▶ GOAL OF THE EXERCISE: Exact copy, pictures excluded: please retype every record below.
___ THE RECORDS ___
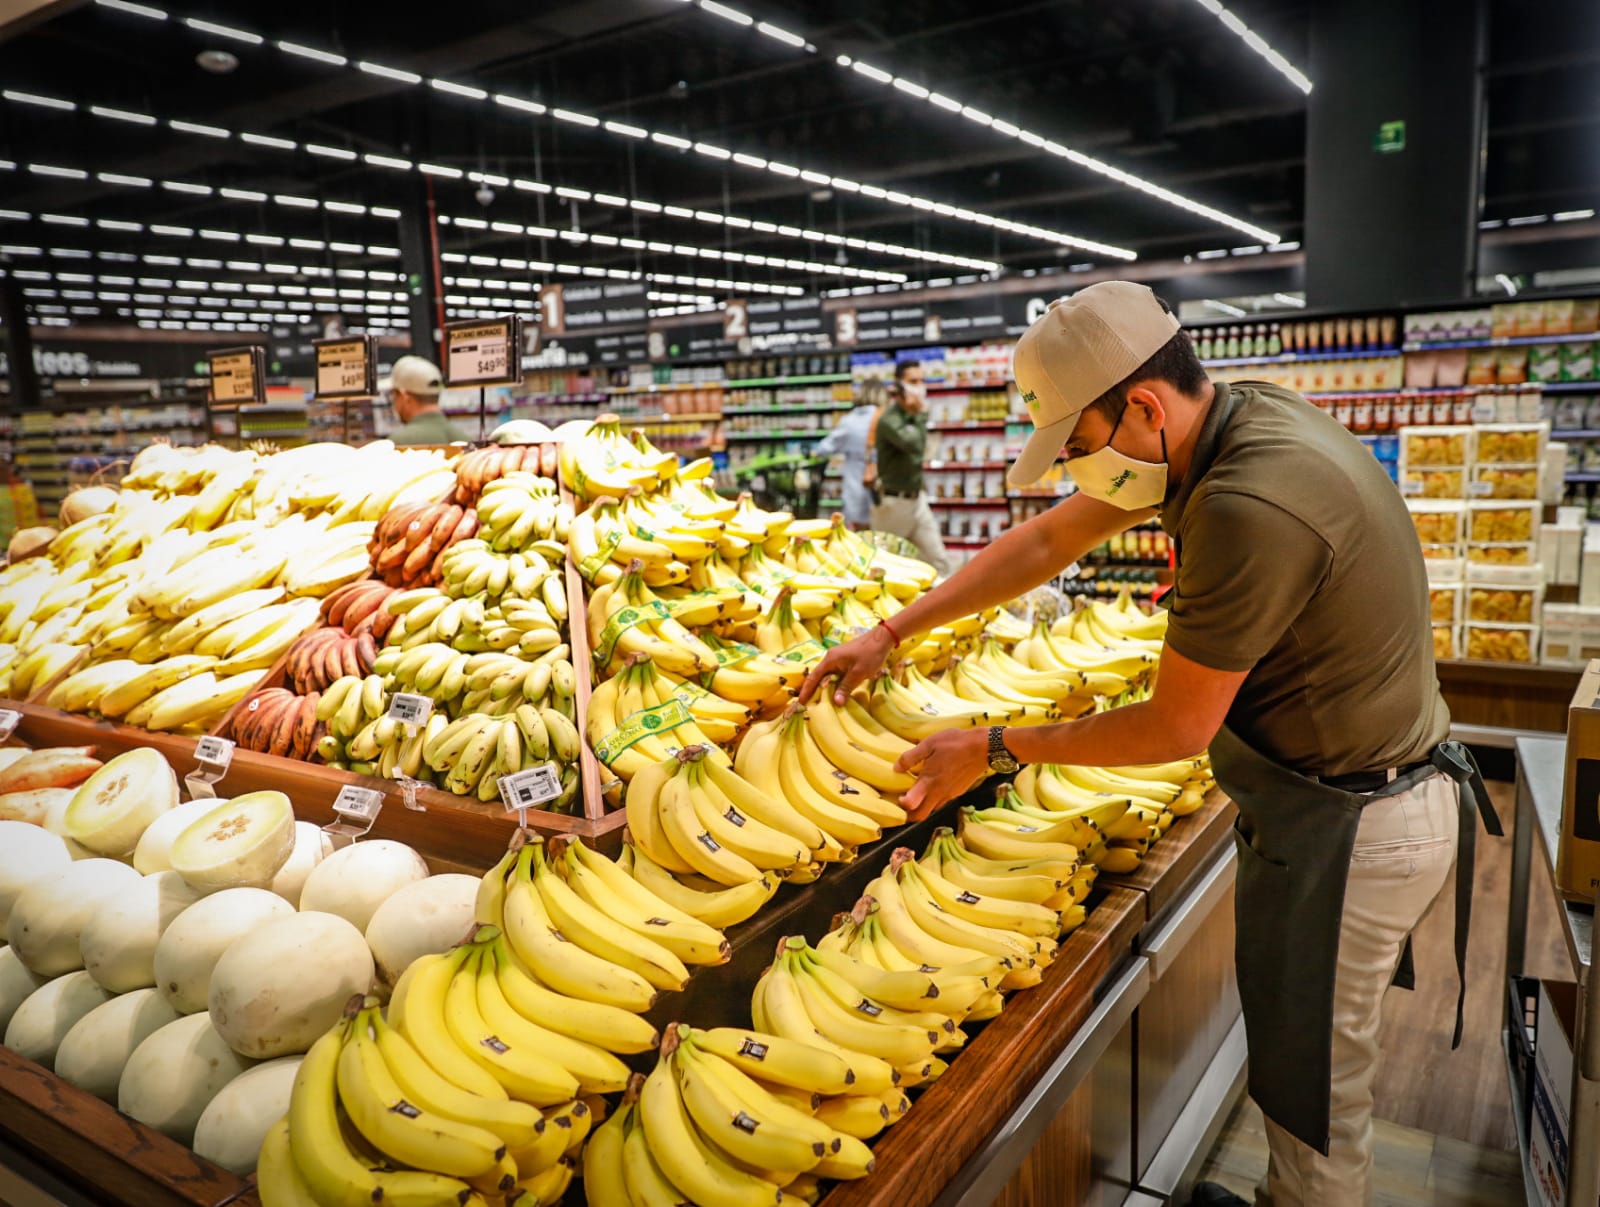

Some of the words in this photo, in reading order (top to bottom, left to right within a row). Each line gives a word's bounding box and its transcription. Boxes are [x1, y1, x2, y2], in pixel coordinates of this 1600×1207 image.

[542, 291, 558, 328] 1
[725, 305, 746, 338] 2
[523, 327, 540, 354] 7
[836, 312, 856, 342] 3
___
▶ ANSWER FOR THIS EXERCISE:
Some of the words in this photo, in reading order (top to bottom, left to right within a row). Each line gives a word's bounding box and its transcription. Boxes are [x1, y1, x2, y2], in pixel coordinates of this 1600×1207 image.

[542, 291, 558, 328] 1
[725, 305, 746, 338] 2
[523, 327, 540, 354] 7
[836, 312, 856, 342] 3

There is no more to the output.